In its July 16 article “States file lawsuit against EPA over ‘sue and settle’ strategy,” The Hill reports on a legal action challenging the public’s right to insist that government agencies enforce the laws passed by Congress.
“Sue and settle” is a pejorative phrase invented to create barriers to the public’s ability to require agencies to obey the law. A more accurate description would be “enforce and comply.”
Over several decades, hundreds of these suits have been filed, often by industrial opponents of environmental protections. Many have been settled out of court, often on terms that industry endorsed.
American citizens have a right to challenge our government when it fails to enforce laws duly passed by Congress. That’s what government by the people is all about. It does a grave disservice to that principle to buy into the industry attack line of slapping a negative label on our right to insist that our laws are upheld.
From John Walke, senior attorney and director, Clean Air Program, Natural Resources Defense Council, Washington, D.C.
A lower blood alcohol limit will save lives
A recent Hill article (“States balk at lower alcohol limit for DUI,” July 14) addresses states’ reluctance to adopt the National Transportation Safety Board’s recently issued recommendation that they lower their per se legal blood alcohol concentration (BAC) limit from .08 to .05. Unfortunately, the article trumpeted the opinions of alcohol and beverage industry trade groups and lobbyists while ignoring the public health perspective: The logic and science behind the .05 recommendation are solid. It’s a reasonable, evidence-based standard with minimal additional enforcement cost that will save lives.
Nearly one in three of all highway deaths still involves an alcohol-impaired driver, according to the NTSB. In 2011, the national toll was 9,878 lives and 140,00 injuries, including 27,000 life-altering injuries. A national .05 limit would prevent 10 percent of these deaths.
At .05 BAC, virtually all adults exhibit impairment in eye movement, glare resistance, visual perception, reaction time, steering and cognition. This level of impairment significantly increases the risk of vehicle fatalities, particularly among young drinkers. At a .05 BAC, the relative risk of being involved in a fatal crash is 1.38 times that of a driver at .00, according to the NTSB; at .07, the risk has more than doubled to 2.09; and by .08, that risk has risen to 2.69.

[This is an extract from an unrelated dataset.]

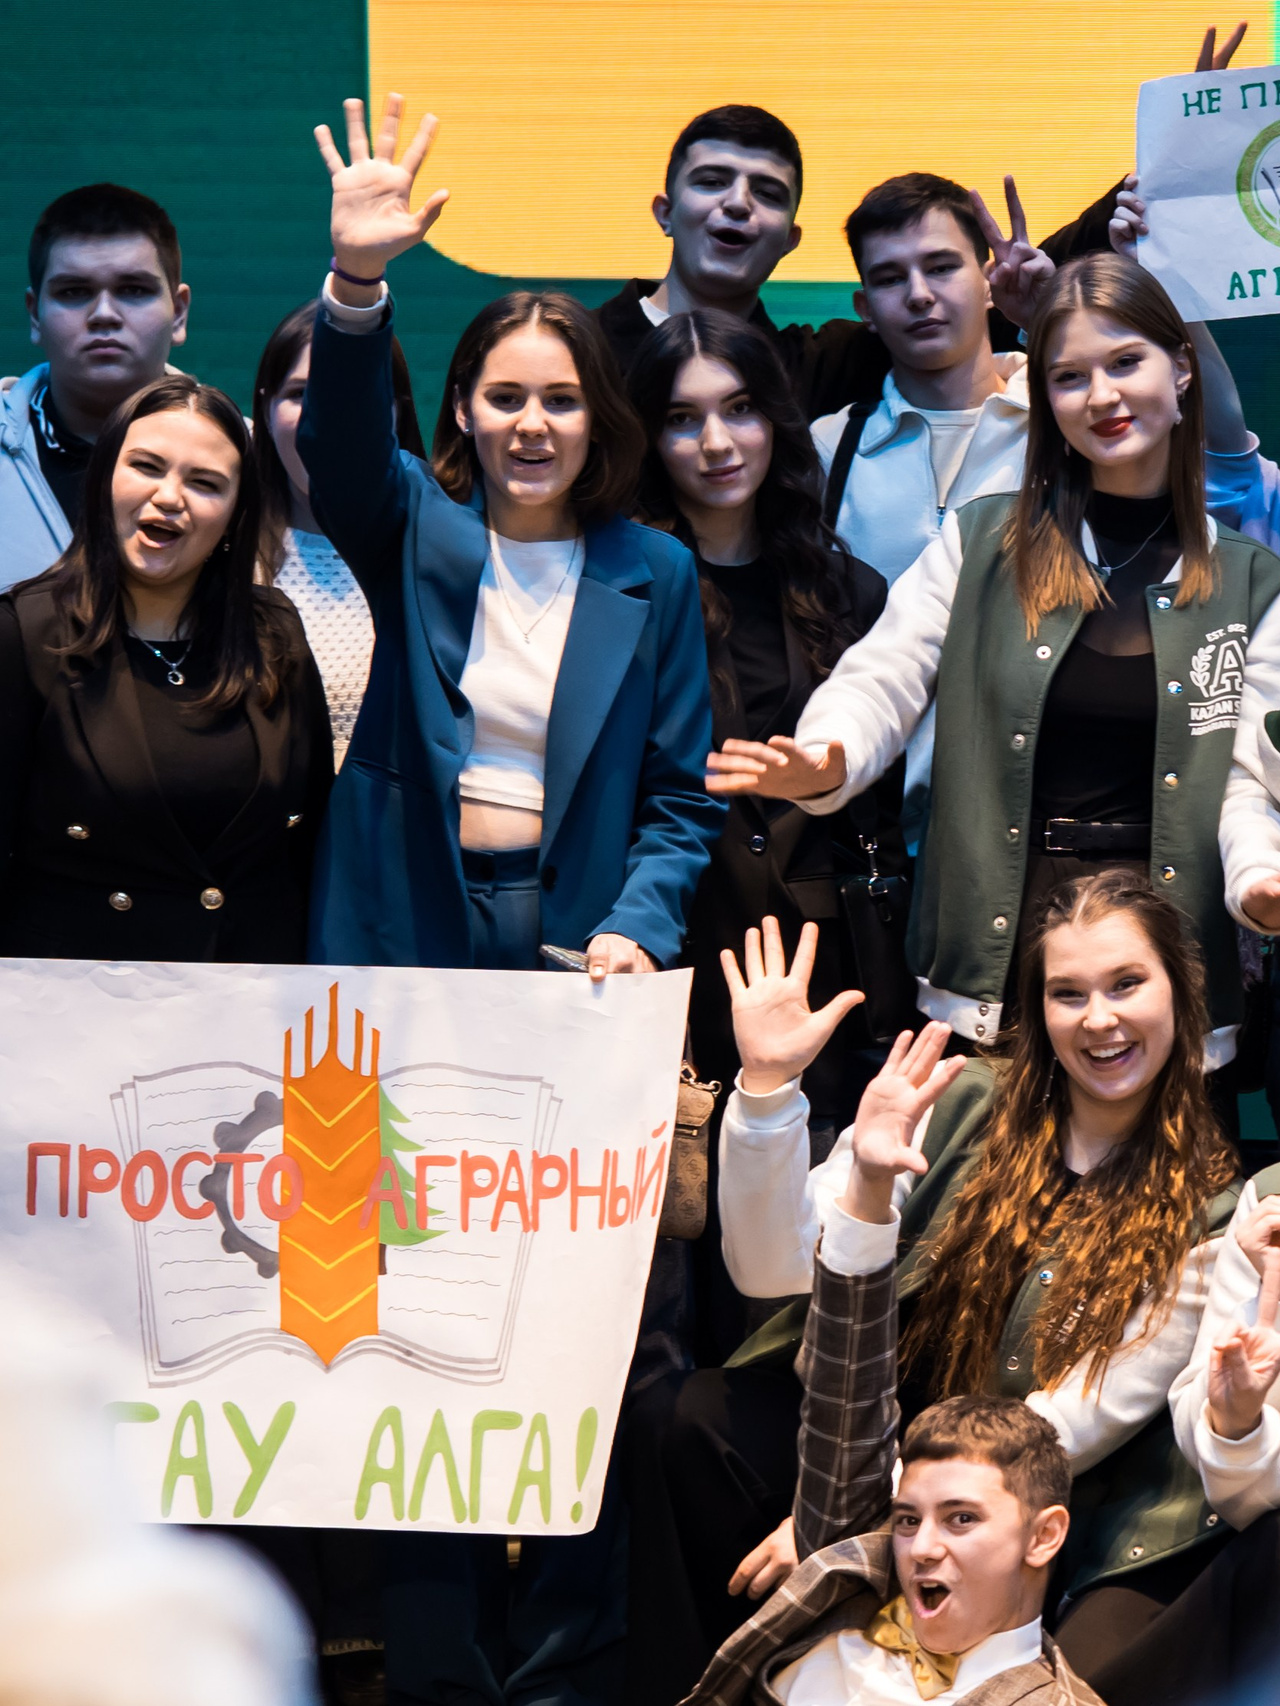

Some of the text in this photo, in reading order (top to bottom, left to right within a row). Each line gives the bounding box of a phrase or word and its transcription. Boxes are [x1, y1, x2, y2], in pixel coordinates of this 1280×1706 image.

[1182, 88, 1222, 117] НЕ
[1190, 700, 1233, 721] KAZAN
[26, 1120, 669, 1234] ПРОСТО АГРАРНЫЙ
[354, 1404, 598, 1525] АЛГА!

Lowering the per se limit from .10 to .08 has resulted in a 5 percent to 16 percent decrease in alcohol-related crashes, fatalities and injuries in the U.S. Countries in which the legal limit was lowered to .05 from .08 have seen decreased alcohol-related vehicle fatalities from 5 percent to 18 percent.

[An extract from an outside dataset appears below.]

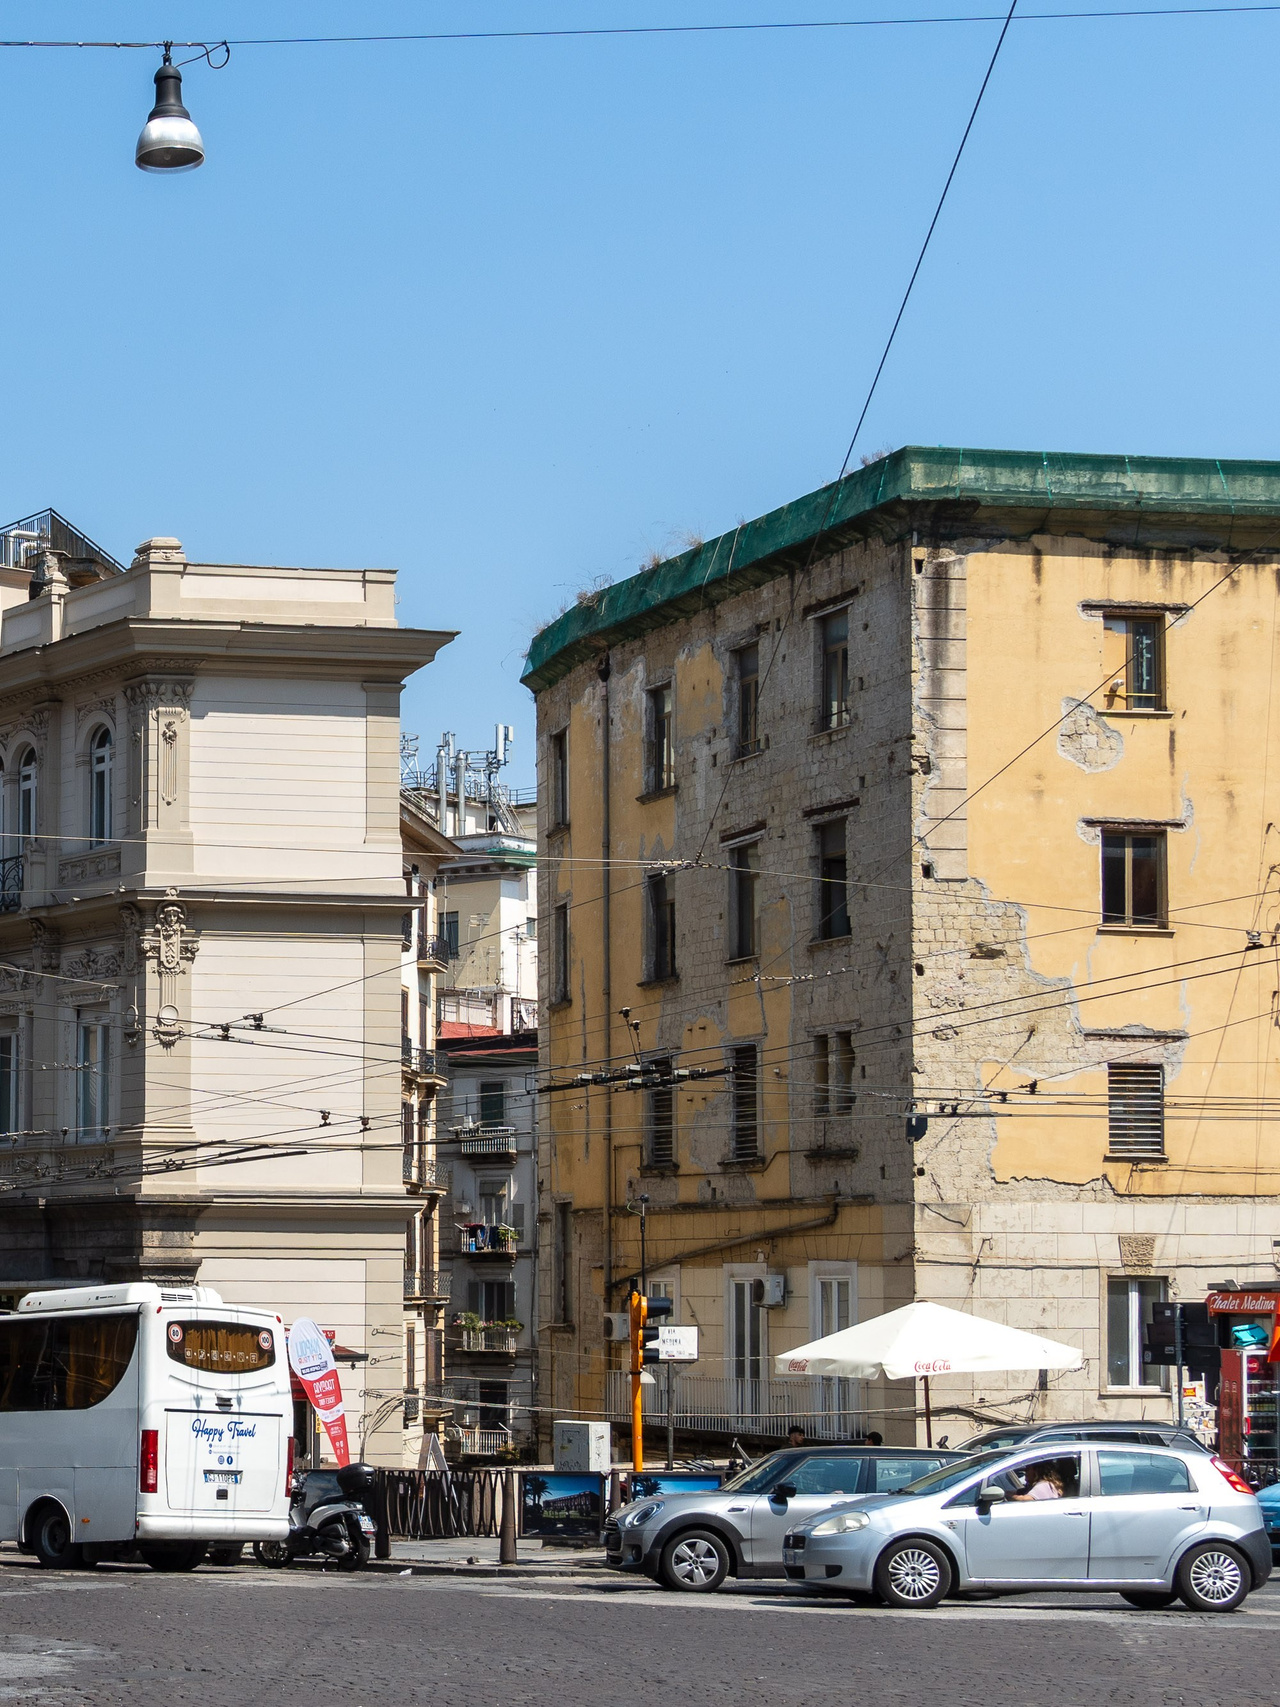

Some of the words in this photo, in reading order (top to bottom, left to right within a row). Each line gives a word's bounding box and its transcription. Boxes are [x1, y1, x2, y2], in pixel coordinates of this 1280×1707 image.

In fact, most industrialized countries already enforce a .05 or lower limit, including those with strong drinking cultures, such as Germany and Australia. The .05 limit is broadly supported in these countries and does not prevent social drinking. The National Institute on Alcohol Abuse and Alcoholism say it takes at least 4 drinks for the average 170-lb. male to exceed .05 BAC in two hours on an empty stomach, and 3 drinks for a 137-lb. female. In the U.S., a majority of female drinkers considers themselves too impaired to drive after consuming 2 drinks in 2 hours, according to the National Highway Traffic Safety Administration, and men say the same about 3 drinks. This is well within the .05 level for most adults.

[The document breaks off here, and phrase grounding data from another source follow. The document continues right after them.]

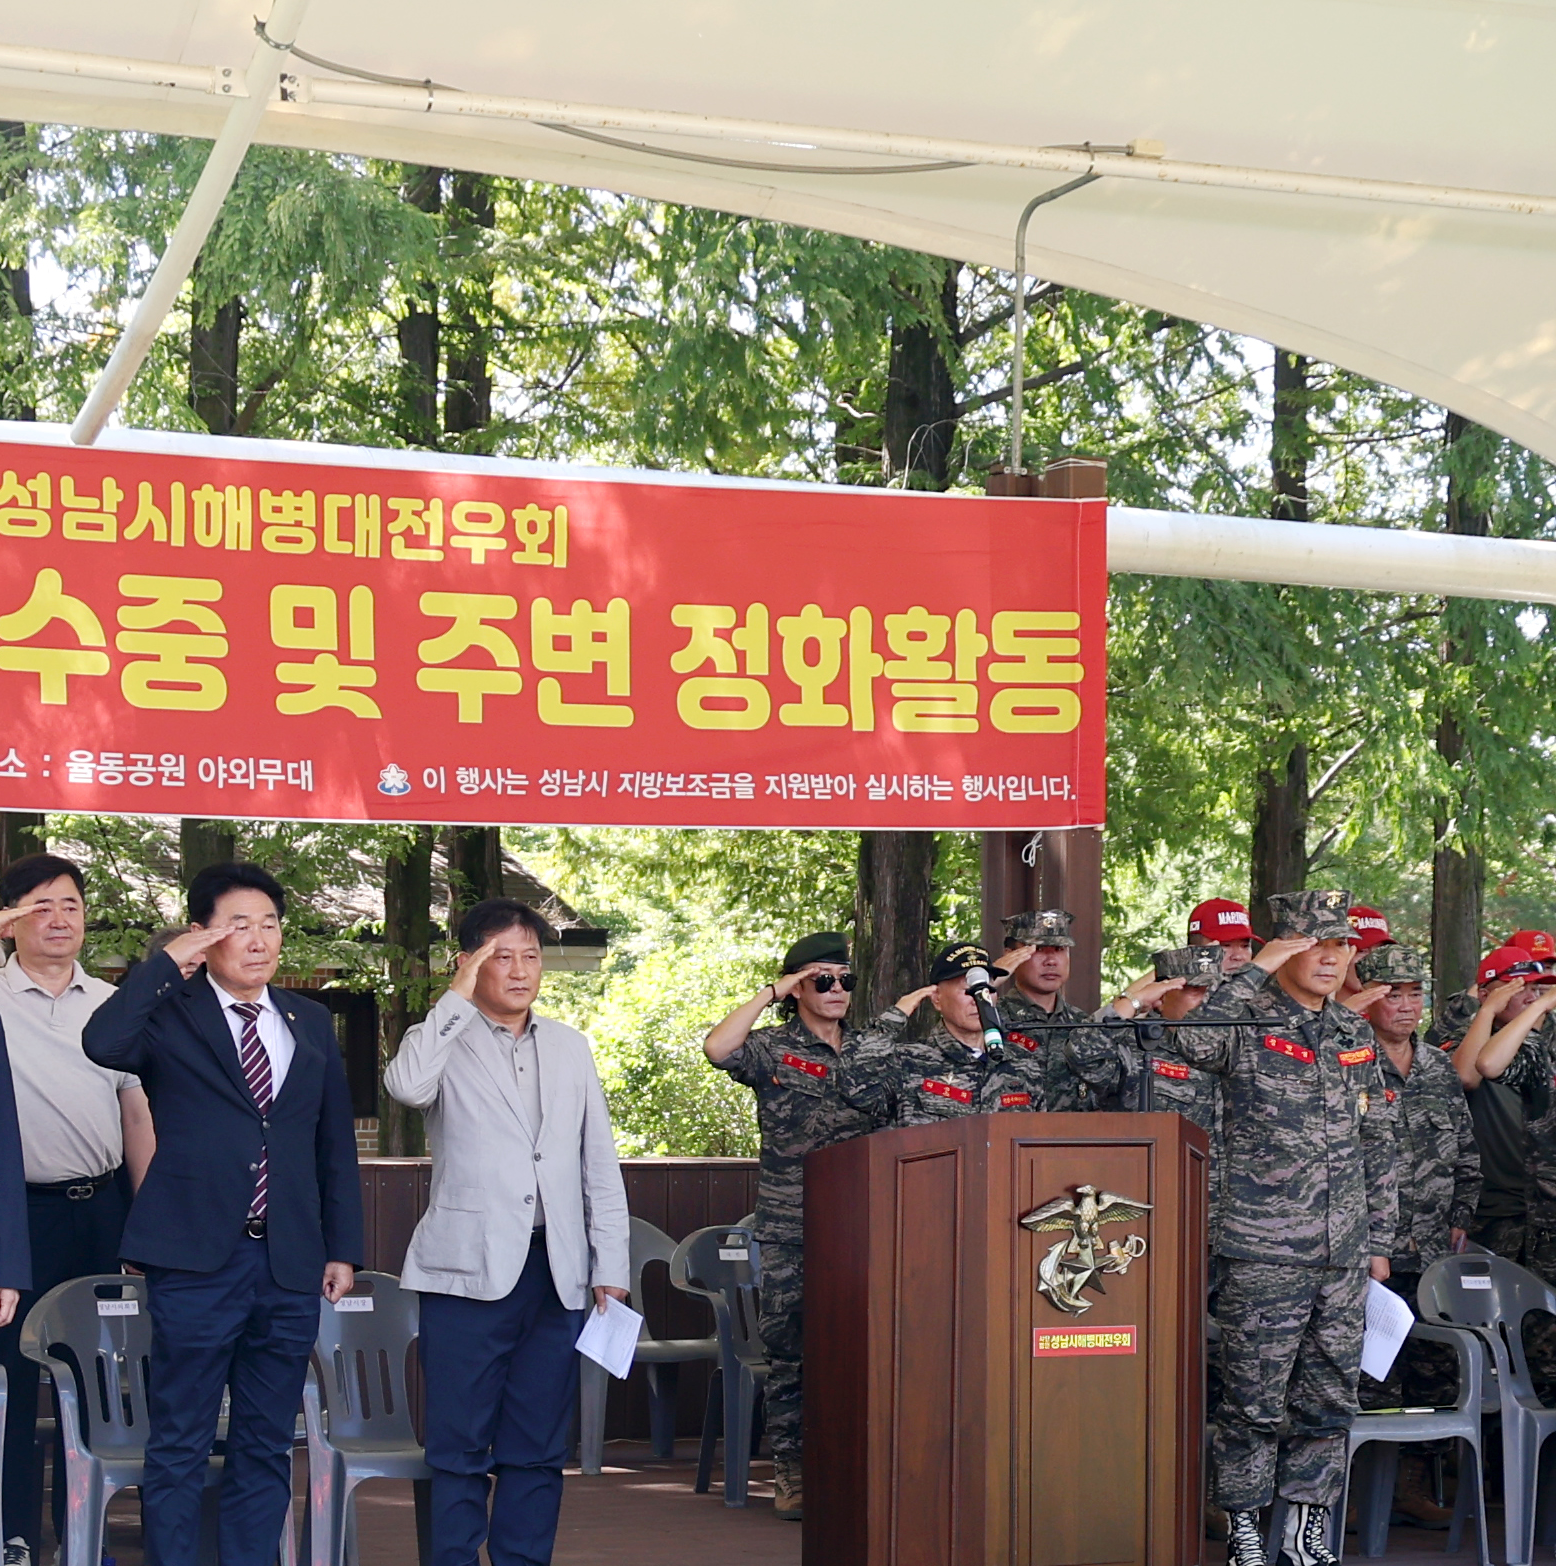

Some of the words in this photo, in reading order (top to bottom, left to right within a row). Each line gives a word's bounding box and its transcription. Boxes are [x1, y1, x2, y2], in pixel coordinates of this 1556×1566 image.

[269, 584, 383, 719] 및
[416, 591, 635, 728] 주변
[670, 602, 1085, 735] 정화활동
[64, 749, 186, 787] 율동공원
[197, 755, 314, 793] 야외무대
[422, 765, 447, 794] 이
[454, 767, 530, 796] 행사는
[538, 768, 609, 798] 성남시
[616, 771, 756, 800] 지방보조금을
[764, 773, 857, 801] 지원받아
[864, 773, 955, 801] 실시하는
[960, 775, 1077, 803] 행사입니다.

Along with the American Medical Association, the World Medical Association and the World Health Organization, Alcohol Justice strongly supports a .05 BAC limit.
From Holley Shafer, senior research and policy analyst, Alcohol Justice, San Rafael, Calif.
National park on moon breaks international law
While I understand the sentiment behind Reps. Donna Edwards (D-Md.) and Eddie Bernice Johnson’s (D-Texas) proposed legislation for creating a national park at the Apollo landing site (“Dems pitch national park on the moon,” July 9), some staffers failed to do their legal research.
The United States is a party to the 1967 Treaty on Principles Governing the Activities of States in the Exploration and Use of Outer Space, including the Moon and other Celestial Bodies. Article 2 of the Treaty states: “Outer space, including the moon and other celestial bodies, is not subject to national appropriation by claim of sovereignty, by means of use or occupation, or by any other means.” States party to the treaty are required to conduct their activities and uses of outer space in accordance with international law to maintain international peace, security and international cooperation. Attempting to create a U.S. national park on the moon would be an assertion of sovereignty and would be illegal under international law. It would be no more legal than purchasing a moon acre.